Its really hard to estimate success rates but my best guess is that my chances for OE are maybe about 25% but with DE maybe more like 40% - so I guess I ought to be grateful that trying again with OE is still worth a shot but I am agonising over whether I should switch to DE now or try one more OE.

The last failure seemed worse than all the others because it went on for so many months and I had to have the metho shot which made me feel horrible for almost a month.  Up until EC during the OE I felt on a real high because the stimms seemed to go so much better in greece than on my previous cycles in the UK - but then the arguments and friction with DH made me feel very confused about the whole cycle because we were getting on so badly that having his child felt all wrong.  I feel pretty relieved to get away from him now.

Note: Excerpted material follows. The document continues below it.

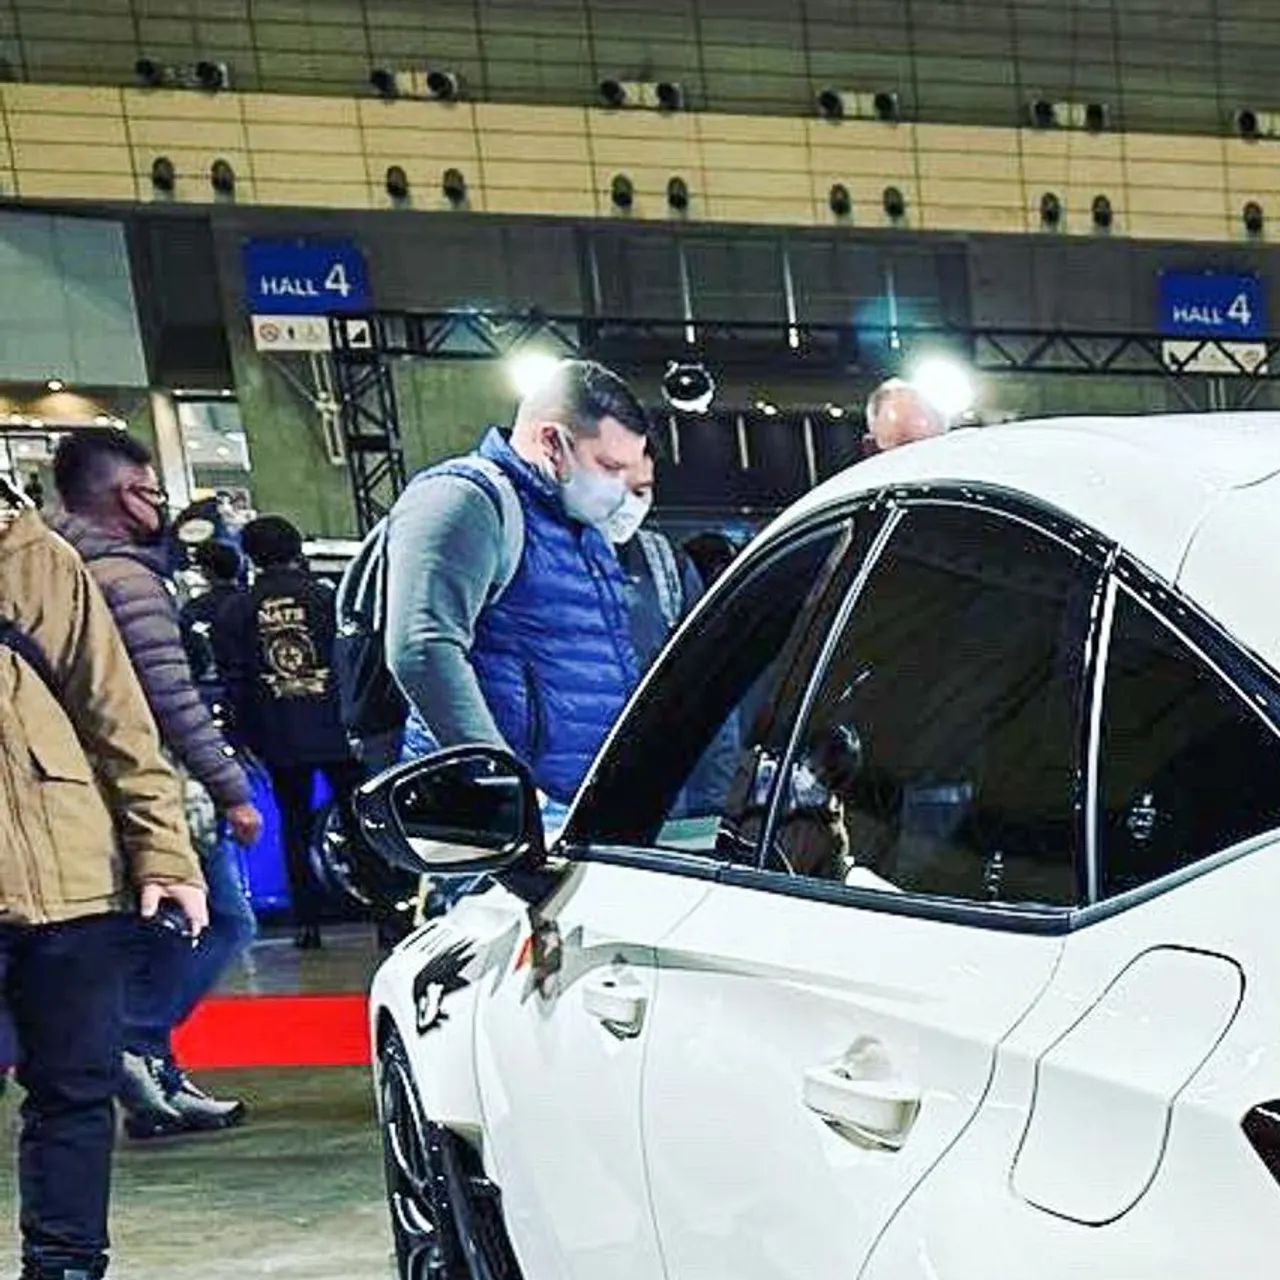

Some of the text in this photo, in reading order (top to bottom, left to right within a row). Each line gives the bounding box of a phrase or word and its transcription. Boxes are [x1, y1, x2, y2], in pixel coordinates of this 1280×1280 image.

[260, 262, 352, 298] HALL 4
[1172, 292, 1252, 326] HALL 4

The reasons why I am thinking of DE are:

- I am 39 - and I still don't really know whether my eggs are as bad as the UK cycles suggested - or as 'good for my age' as they seemed to look on the greek cycle
- I worry about the down's syndrome risk - I don't think I could have an amnio or a termination
- I worry that my genes aren't really that fabulous - we have diabetes and mental health issues in our family
- the pregnancy loss and the metho felt horrible - worse than a straight BFN and I guess its more likely that I will be able to avoid this if I switch to good donor eggs
- as the odds are better with DE it OUGHT TO take me fewer cycles to have a sibling for BB if I do that - which means having more money in the bank for BB (and BB2)'s future, so it seems like a more responsible thing to do - I'm estimating that 3 cycles of OE would cost about £13k and would give a cumulative chance of success of maybe 50% whereas 3 cycles of DE would cost about £16k and would give me a cumulative chance of maybe 80% (1 cycle of OE then 2 cycles of DE would cost about £15k and give me a chance of maybe 70%) - every extra £1 I spend on trying to get OE to work will be £1 I haven't got to provide for my babies in the future, so it seems a bit irresponsible to keep pursuing OE?
- as I know its going to be donor sperm, I'm in donor territory anyway, and a baby made from good donor sperm and good donor eggs ought to theoretically have a better mix of genes than a baby made from my ropy old eggs
- I feel completely comfortable that I would love a baby wherever the genes came from - I don't feel any need to 'grieve' for my own eggs... I just want to make the best choice for my babies - to give them the best possible future
- having spent a whole 2 weeks in and out of the clinic in greece I feel really comfortable that the egg donors are treated well which feels really important to me
- I don't feel that UK egg donation would be right for me as I have never felt as comfortable/in safe hands in UK clinics as I did in greece
- I'm really ordinary looking (and so was DH)- brown hair, average build, average height - so I would imagine that a lot of donors would result in children that at least looked a little bit like me and BB - so I think I'd 'match' well with either a greek donor or one of the eastern european students that the clinic often use

but....

I don't think I'd be happy to keep either the sperm or the egg donation secret and egg donation is completely anonymous in greece so my baby would never be able to answer her questions about her genetic family history if he/she wanted to later on.  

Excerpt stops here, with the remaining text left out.